Work required:
Can you print the data exactly and leave out each image?

Supplied data:
----------
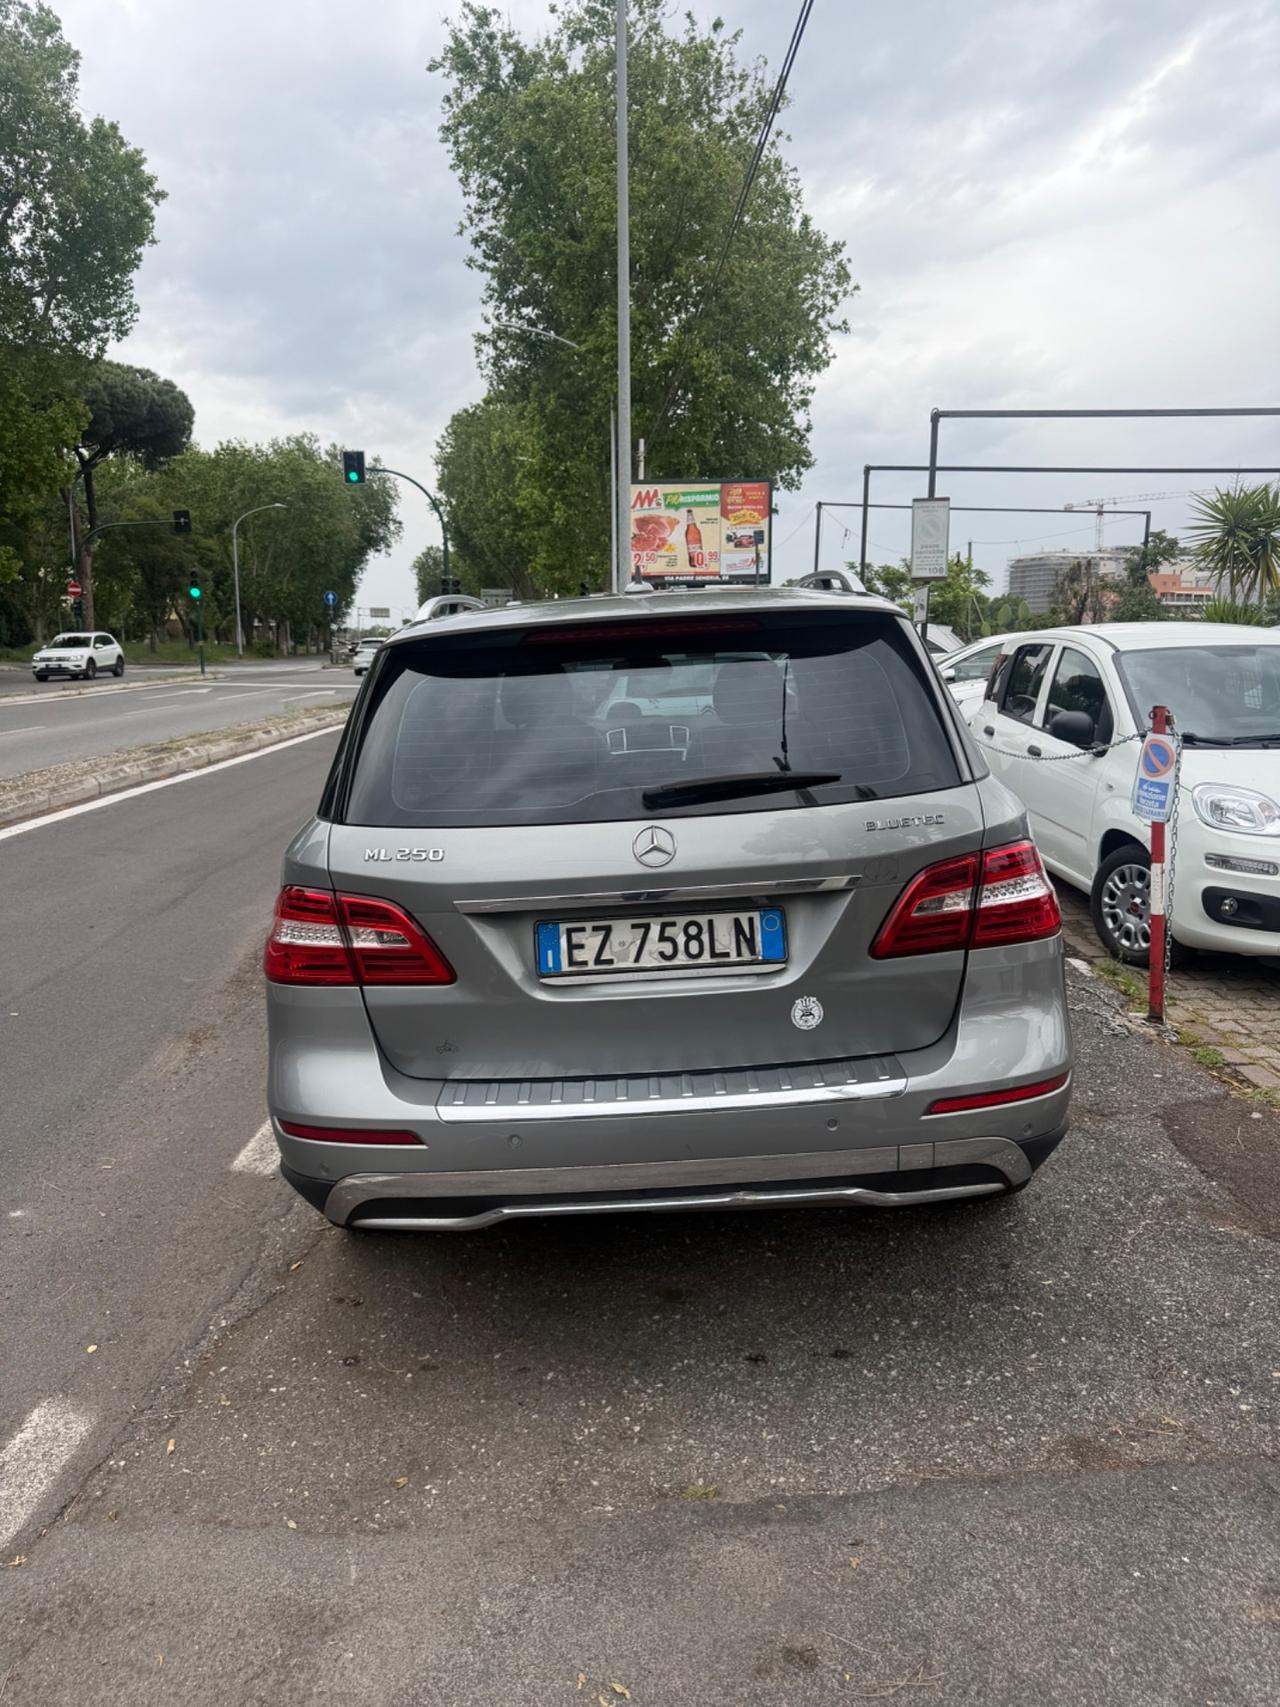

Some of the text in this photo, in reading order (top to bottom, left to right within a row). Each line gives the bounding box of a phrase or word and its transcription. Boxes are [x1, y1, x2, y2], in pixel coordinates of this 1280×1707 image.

[864, 814, 945, 832] BLUETEC
[364, 847, 445, 862] ML 250
[566, 916, 758, 968] EZ 758LN
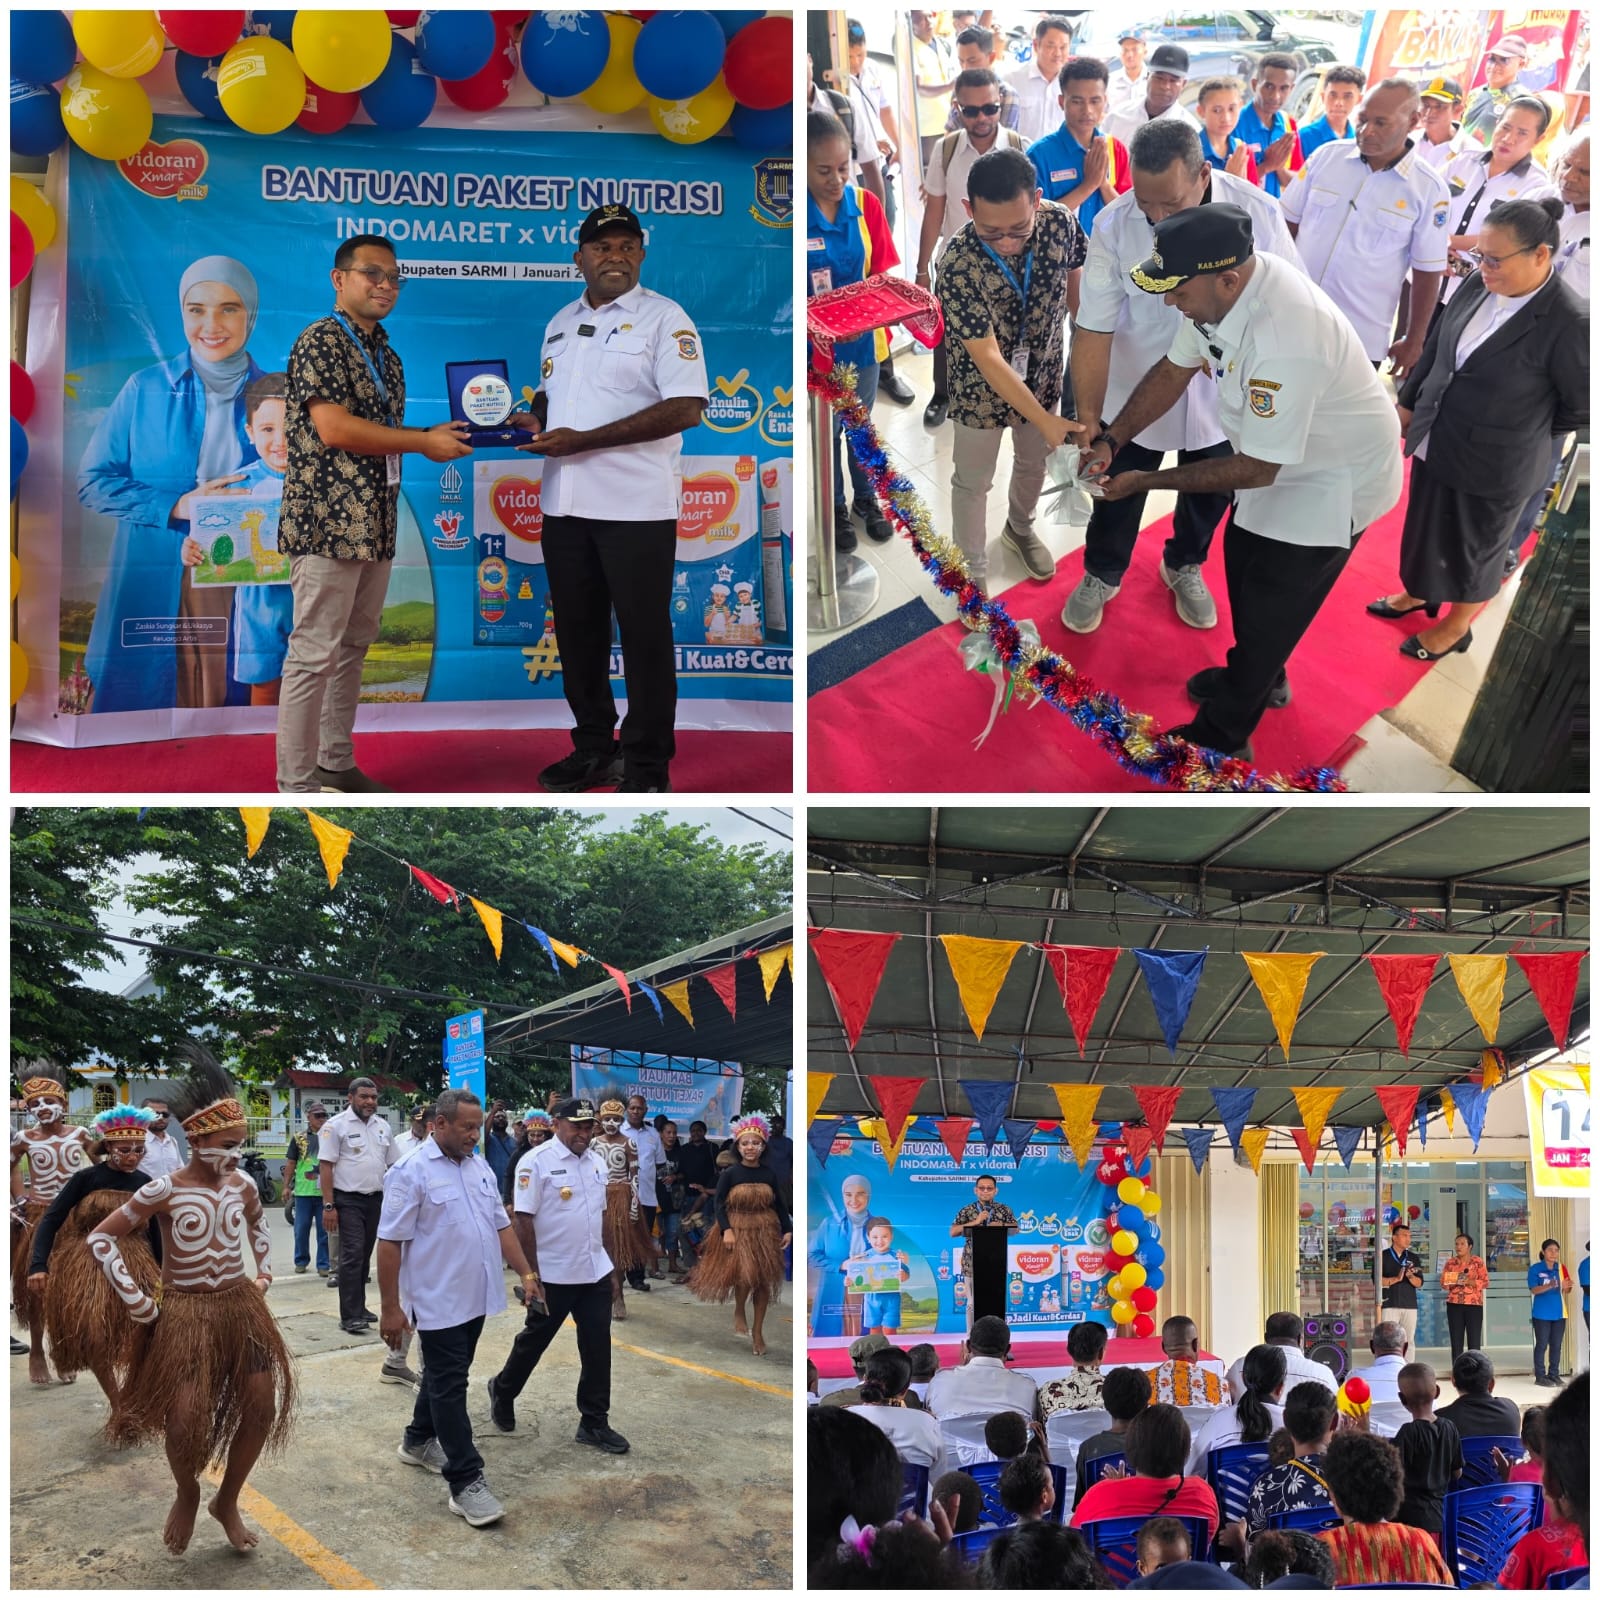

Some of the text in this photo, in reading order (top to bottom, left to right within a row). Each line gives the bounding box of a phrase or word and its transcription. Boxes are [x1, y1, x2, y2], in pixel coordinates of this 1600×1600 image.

[140, 171, 184, 183] Xmart
[180, 187, 205, 198] milk
[263, 166, 720, 213] BANTUAN PAKET NUTRISI
[336, 216, 511, 244] INDOMARET
[518, 229, 535, 244] x
[461, 264, 507, 278] SARMI
[522, 266, 571, 280] Januari
[709, 396, 750, 408] Inulin
[706, 408, 752, 421] 1000mg
[708, 525, 736, 538] milk
[484, 537, 503, 555] 1+
[1550, 1153, 1570, 1164] JAN
[1019, 1255, 1049, 1263] vidoran
----------
Expected output:
Some of the text in this photo, in reading order (top to bottom, left to right within a row). Each line gives the bounding box of a phrase or word and its transcription. Boxes are [x1, y1, x2, y2], in pixel coordinates of this 1280×1707 image.

[864, 814, 945, 832] BLUETEC
[364, 847, 445, 862] ML 250
[566, 916, 758, 968] EZ 758LN

Some of the text in this photo, in reading order (top to bottom, left to right within a row). Each line gives the bounding box of a phrase or word and its transcription. Boxes are [x1, y1, x2, y2], in pixel coordinates of this 1600×1600 image.

[140, 171, 184, 183] Xmart
[180, 187, 205, 198] milk
[263, 166, 720, 213] BANTUAN PAKET NUTRISI
[336, 216, 511, 244] INDOMARET
[518, 229, 535, 244] x
[461, 264, 507, 278] SARMI
[522, 266, 571, 280] Januari
[709, 396, 750, 408] Inulin
[706, 408, 752, 421] 1000mg
[708, 525, 736, 538] milk
[484, 537, 503, 555] 1+
[1550, 1153, 1570, 1164] JAN
[1019, 1255, 1049, 1263] vidoran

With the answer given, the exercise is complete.